> _Material provided_:
-- Opening Marker --

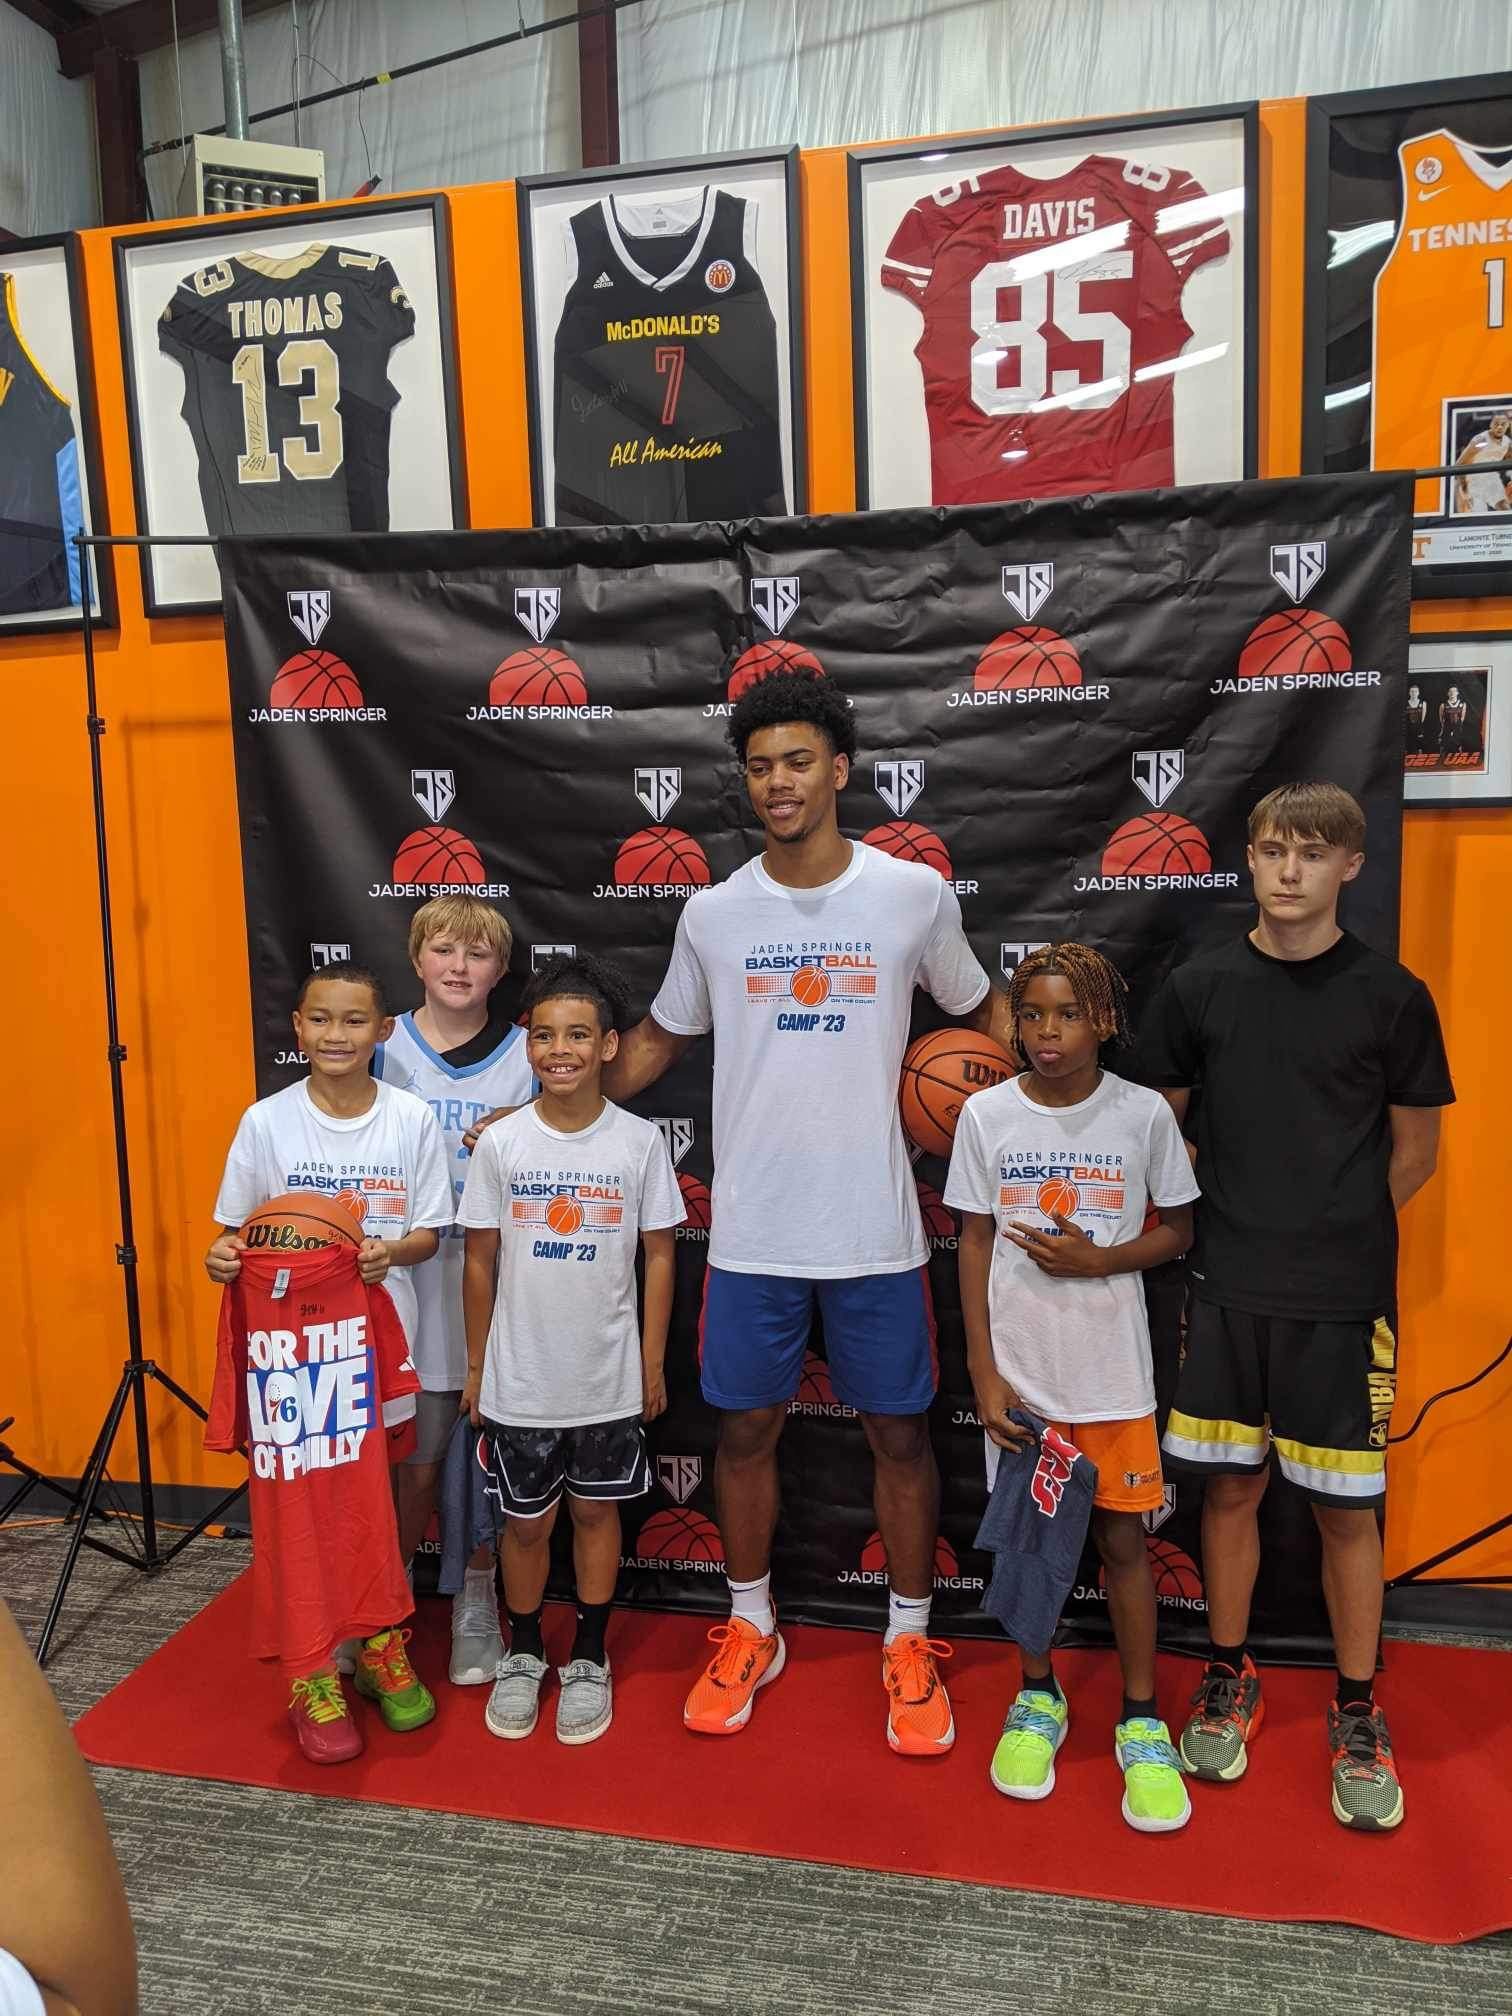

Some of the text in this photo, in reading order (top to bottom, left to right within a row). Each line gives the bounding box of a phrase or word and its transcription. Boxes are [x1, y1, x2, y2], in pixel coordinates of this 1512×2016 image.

[1002, 197, 1095, 240] DAVIS
[1408, 219, 1512, 252] TENNE
[1482, 257, 1506, 329] 1
[228, 291, 343, 338] THOMAS
[970, 250, 1134, 416] 85
[655, 345, 686, 425] 7
[232, 339, 344, 484] 13
[609, 436, 722, 468] All American
[1209, 671, 1382, 695] JADEN SPRINGER
[946, 685, 1111, 708] JADEN SPRINGER
[248, 708, 388, 722] JADEN SPRINGER
[466, 706, 613, 720] JADEN SPRINGER
[368, 884, 511, 898] JADEN SPRINGER
[593, 884, 712, 898] JADEN SPRIN
[1074, 873, 1239, 892] JADEN SPRINGER
[751, 942, 872, 954] JADEN SPRINGER
[745, 955, 878, 969] BASKETBALL
[777, 1013, 819, 1031] CAMP
[274, 1051, 310, 1064] JAD
[1002, 1152, 1123, 1166] JADEN SPRINGER
[294, 1161, 404, 1177] JADEN SPRINGER
[513, 1171, 621, 1185] JADEN SPRINGER
[1000, 1166, 1125, 1182] BASKETBALL
[287, 1175, 407, 1191] BASKETBALL
[511, 1183, 624, 1200] BASKETBALL
[533, 1240, 574, 1259] CAMP
[303, 1315, 367, 1363] THE
[247, 1356, 368, 1446] LOVE
[1368, 1372, 1396, 1423] NBA
[269, 1396, 298, 1423] 76
[786, 1402, 859, 1418] PRINGE
[254, 1427, 368, 1481] OF PHILLY
[618, 1558, 728, 1574] JADEN SPRIN
[932, 1577, 984, 1590] INGER

-- Closing Marker --

> _Aim of the task_: Copy out the entries verbatim and leave the images out.

> _Answer space_:
Some of the text in this photo, in reading order (top to bottom, left to right within a row). Each line gives the bounding box of a phrase or word and its transcription. Boxes are [x1, y1, x2, y2], in pixel coordinates of this 1512×2016 image.

[1002, 197, 1095, 240] DAVIS
[1408, 219, 1512, 252] TENNE
[1482, 257, 1506, 329] 1
[228, 291, 343, 338] THOMAS
[970, 250, 1134, 416] 85
[655, 345, 686, 425] 7
[232, 339, 344, 484] 13
[609, 436, 722, 468] All American
[1209, 671, 1382, 695] JADEN SPRINGER
[946, 685, 1111, 708] JADEN SPRINGER
[248, 708, 388, 722] JADEN SPRINGER
[466, 706, 613, 720] JADEN SPRINGER
[368, 884, 511, 898] JADEN SPRINGER
[593, 884, 712, 898] JADEN SPRIN
[1074, 873, 1239, 892] JADEN SPRINGER
[751, 942, 872, 954] JADEN SPRINGER
[745, 955, 878, 969] BASKETBALL
[777, 1013, 819, 1031] CAMP
[274, 1051, 310, 1064] JAD
[1002, 1152, 1123, 1166] JADEN SPRINGER
[294, 1161, 404, 1177] JADEN SPRINGER
[513, 1171, 621, 1185] JADEN SPRINGER
[1000, 1166, 1125, 1182] BASKETBALL
[287, 1175, 407, 1191] BASKETBALL
[511, 1183, 624, 1200] BASKETBALL
[533, 1240, 574, 1259] CAMP
[303, 1315, 367, 1363] THE
[247, 1356, 368, 1446] LOVE
[1368, 1372, 1396, 1423] NBA
[269, 1396, 298, 1423] 76
[786, 1402, 859, 1418] PRINGE
[254, 1427, 368, 1481] OF PHILLY
[618, 1558, 728, 1574] JADEN SPRIN
[932, 1577, 984, 1590] INGER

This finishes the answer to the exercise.